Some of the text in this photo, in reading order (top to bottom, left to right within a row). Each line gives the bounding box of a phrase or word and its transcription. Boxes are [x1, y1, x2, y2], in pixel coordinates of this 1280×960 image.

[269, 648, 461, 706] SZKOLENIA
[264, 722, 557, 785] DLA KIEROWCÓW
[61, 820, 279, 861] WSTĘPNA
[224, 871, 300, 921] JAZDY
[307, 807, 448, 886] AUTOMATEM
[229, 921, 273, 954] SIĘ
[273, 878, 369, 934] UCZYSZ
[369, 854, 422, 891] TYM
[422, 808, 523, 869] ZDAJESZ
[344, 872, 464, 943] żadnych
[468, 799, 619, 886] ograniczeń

**Assigned task:**
Your reply must reproduce all records above exactly.

**Exercise response:**
Some of the text in this photo, in reading order (top to bottom, left to right within a row). Each line gives the bounding box of a phrase or word and its transcription. Boxes are [x1, y1, x2, y2], in pixel coordinates of this 1280×960 image.

[269, 648, 461, 706] SZKOLENIA
[264, 722, 557, 785] DLA KIEROWCÓW
[61, 820, 279, 861] WSTĘPNA
[224, 871, 300, 921] JAZDY
[307, 807, 448, 886] AUTOMATEM
[229, 921, 273, 954] SIĘ
[273, 878, 369, 934] UCZYSZ
[369, 854, 422, 891] TYM
[422, 808, 523, 869] ZDAJESZ
[344, 872, 464, 943] żadnych
[468, 799, 619, 886] ograniczeń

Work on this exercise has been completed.